--- Work to be completed ---
Reproduce each line of the material exactly, minus any picture.

--- Exercise data ---
<<<<
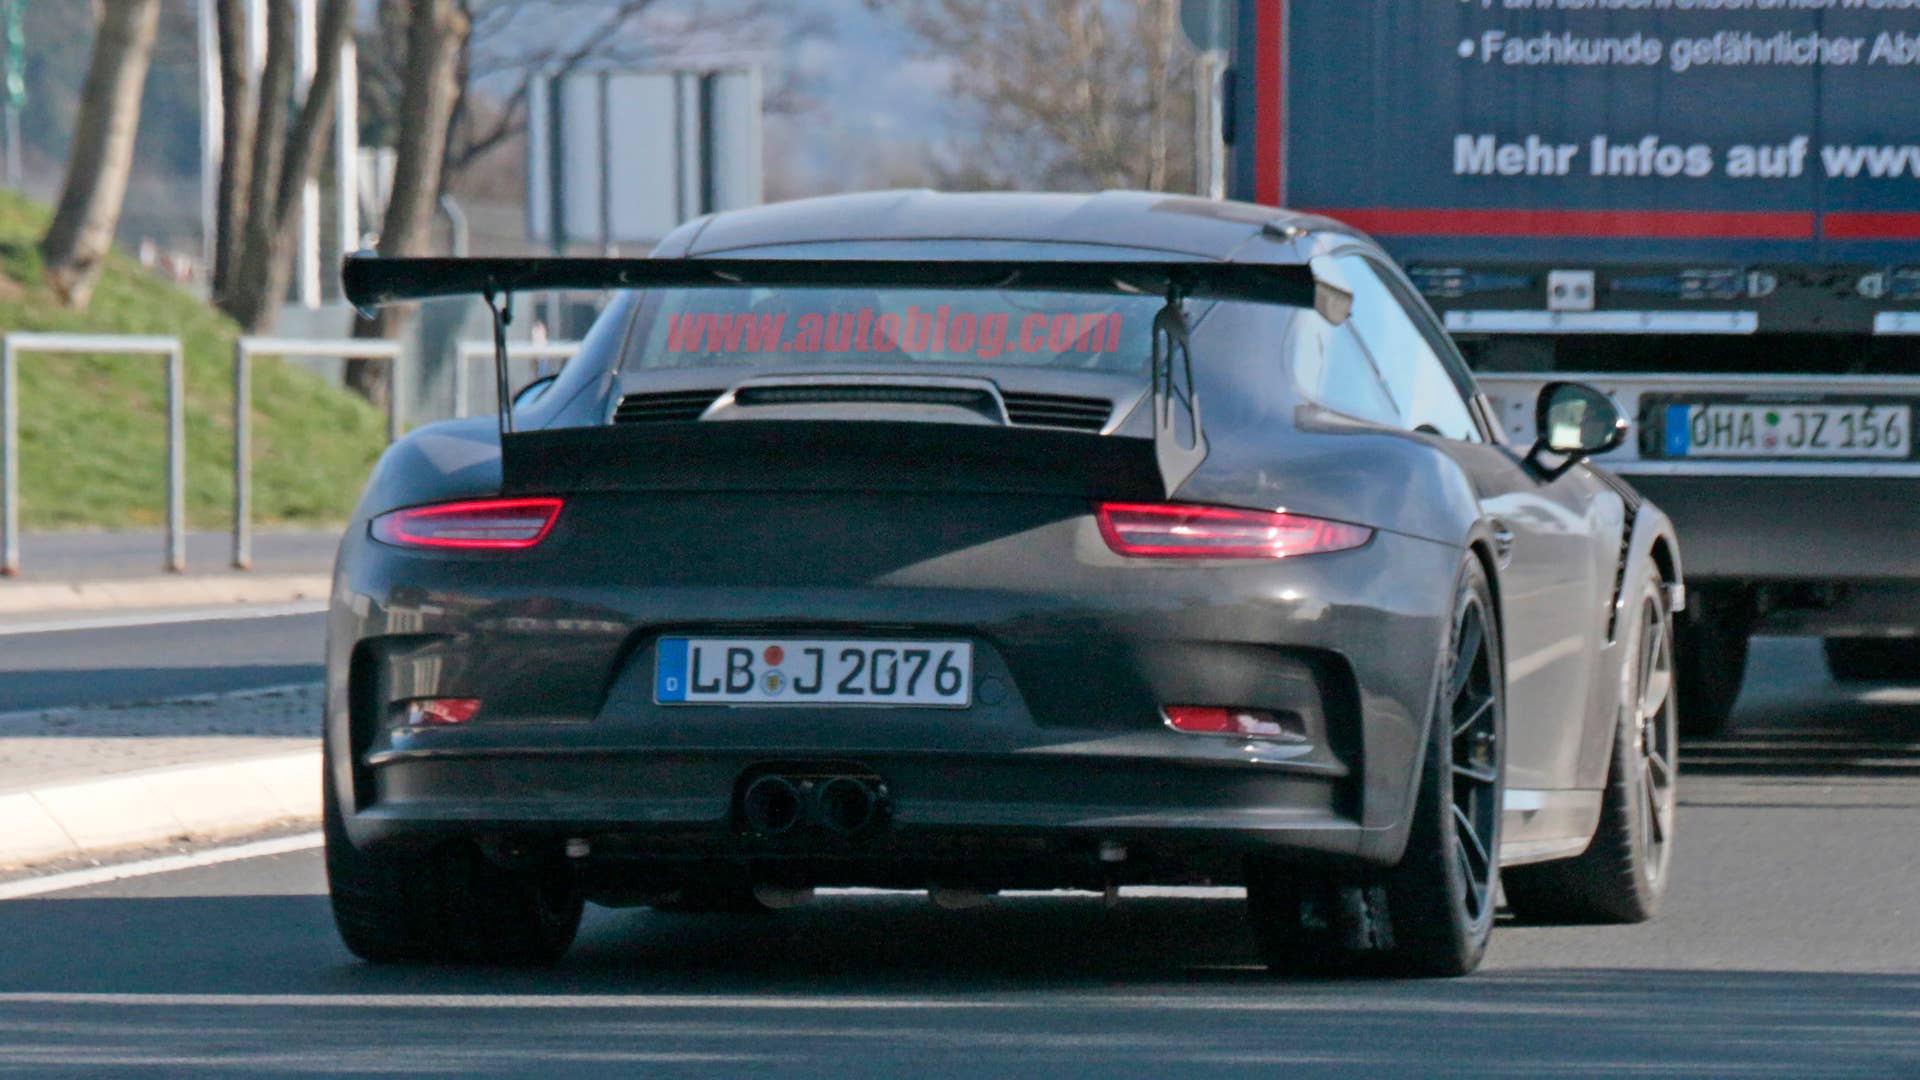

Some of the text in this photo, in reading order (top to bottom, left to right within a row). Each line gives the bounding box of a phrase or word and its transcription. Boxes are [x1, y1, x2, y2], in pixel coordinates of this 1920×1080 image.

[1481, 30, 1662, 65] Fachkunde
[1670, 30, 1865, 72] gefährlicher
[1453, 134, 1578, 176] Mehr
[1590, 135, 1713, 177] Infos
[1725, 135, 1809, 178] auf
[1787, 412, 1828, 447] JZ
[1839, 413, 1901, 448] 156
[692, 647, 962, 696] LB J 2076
>>>>
--- Written reply ---
Some of the text in this photo, in reading order (top to bottom, left to right within a row). Each line gives the bounding box of a phrase or word and its transcription. Boxes are [x1, y1, x2, y2], in pixel coordinates of this 1920×1080 image.

[1481, 30, 1662, 65] Fachkunde
[1670, 30, 1865, 72] gefährlicher
[1453, 134, 1578, 176] Mehr
[1590, 135, 1713, 177] Infos
[1725, 135, 1809, 178] auf
[1787, 412, 1828, 447] JZ
[1839, 413, 1901, 448] 156
[692, 647, 962, 696] LB J 2076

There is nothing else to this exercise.